⟨

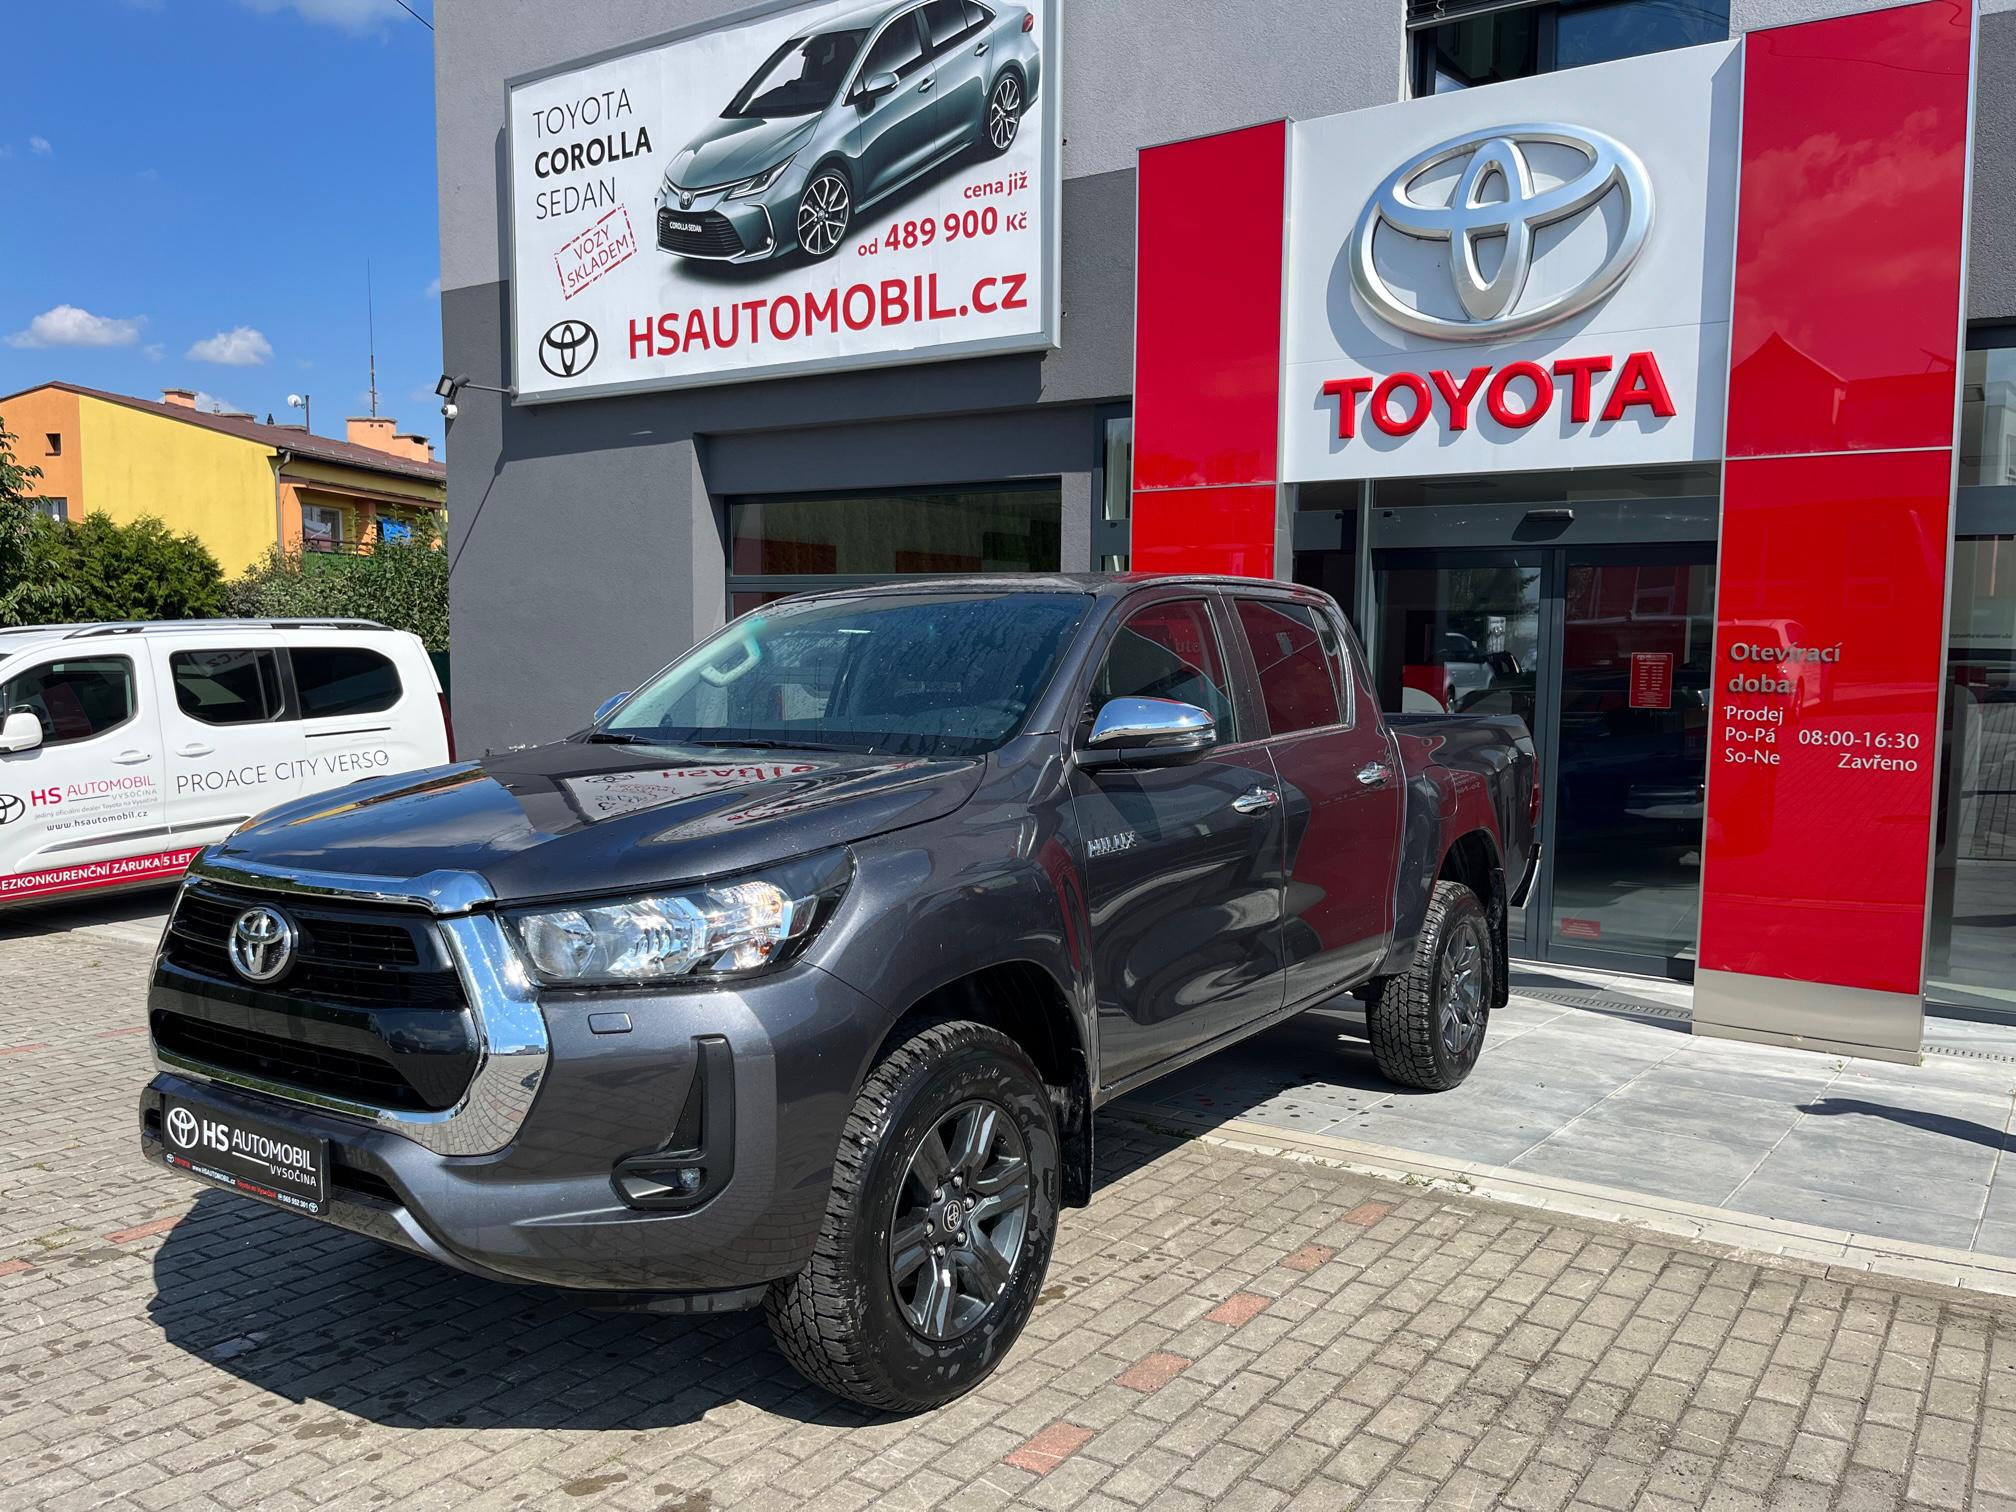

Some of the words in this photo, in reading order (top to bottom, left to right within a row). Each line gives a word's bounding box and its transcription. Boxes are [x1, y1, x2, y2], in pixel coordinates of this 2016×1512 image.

[533, 88, 633, 138] TOYOTA
[534, 127, 653, 178] COROLLA
[536, 177, 617, 220] SEDAN
[963, 181, 1003, 200] cena
[1006, 172, 1028, 196] již
[573, 224, 610, 260] VOZY
[670, 222, 688, 231] COROLLA
[688, 224, 702, 232] SEDAN
[858, 237, 879, 257] od
[884, 217, 936, 252] 489
[945, 207, 998, 243] 900
[1006, 213, 1028, 233] Kč
[567, 236, 629, 288] SKLADEM
[628, 273, 1028, 359] HSAUTOMOBIL.CZ
[1323, 351, 1677, 439] TOYOTA
[1729, 641, 1843, 664] Otevírací
[1728, 674, 1796, 693] doba:
[1725, 705, 1784, 726] Prodej
[1724, 726, 1776, 744] Po-Pá
[1798, 729, 1920, 750] 08:00-16:30
[176, 764, 268, 795] PROACE
[275, 757, 319, 783] CITY
[325, 750, 389, 774] VERSO
[1724, 747, 1780, 765] So-Ne
[1838, 753, 1918, 772] Zavřeno
[31, 787, 62, 807] HS
[67, 775, 156, 798] AUTOMOBIL
[102, 801, 122, 811] Toyota
[46, 810, 148, 832] www.hsautomobil.cz
[1088, 831, 1137, 858] HILUX
[0, 862, 110, 891] EZKONKURENČNÍ
[112, 857, 160, 875] ZÁRUKA
[162, 857, 170, 867] 5
[172, 853, 192, 865] LET
[203, 1119, 228, 1151] HS
[232, 1128, 317, 1172] AUTOMOBIL
[270, 1164, 317, 1187] VYSOČINA

⟩

Exactness is what counts here: copy each entry as given and omit its pictures.

▸ **Output below**
Some of the words in this photo, in reading order (top to bottom, left to right within a row). Each line gives a word's bounding box and its transcription. Boxes are [x1, y1, x2, y2], in pixel coordinates of this 2016×1512 image.

[533, 88, 633, 138] TOYOTA
[534, 127, 653, 178] COROLLA
[536, 177, 617, 220] SEDAN
[963, 181, 1003, 200] cena
[1006, 172, 1028, 196] již
[573, 224, 610, 260] VOZY
[670, 222, 688, 231] COROLLA
[688, 224, 702, 232] SEDAN
[858, 237, 879, 257] od
[884, 217, 936, 252] 489
[945, 207, 998, 243] 900
[1006, 213, 1028, 233] Kč
[567, 236, 629, 288] SKLADEM
[628, 273, 1028, 359] HSAUTOMOBIL.CZ
[1323, 351, 1677, 439] TOYOTA
[1729, 641, 1843, 664] Otevírací
[1728, 674, 1796, 693] doba:
[1725, 705, 1784, 726] Prodej
[1724, 726, 1776, 744] Po-Pá
[1798, 729, 1920, 750] 08:00-16:30
[176, 764, 268, 795] PROACE
[275, 757, 319, 783] CITY
[325, 750, 389, 774] VERSO
[1724, 747, 1780, 765] So-Ne
[1838, 753, 1918, 772] Zavřeno
[31, 787, 62, 807] HS
[67, 775, 156, 798] AUTOMOBIL
[102, 801, 122, 811] Toyota
[46, 810, 148, 832] www.hsautomobil.cz
[1088, 831, 1137, 858] HILUX
[0, 862, 110, 891] EZKONKURENČNÍ
[112, 857, 160, 875] ZÁRUKA
[162, 857, 170, 867] 5
[172, 853, 192, 865] LET
[203, 1119, 228, 1151] HS
[232, 1128, 317, 1172] AUTOMOBIL
[270, 1164, 317, 1187] VYSOČINA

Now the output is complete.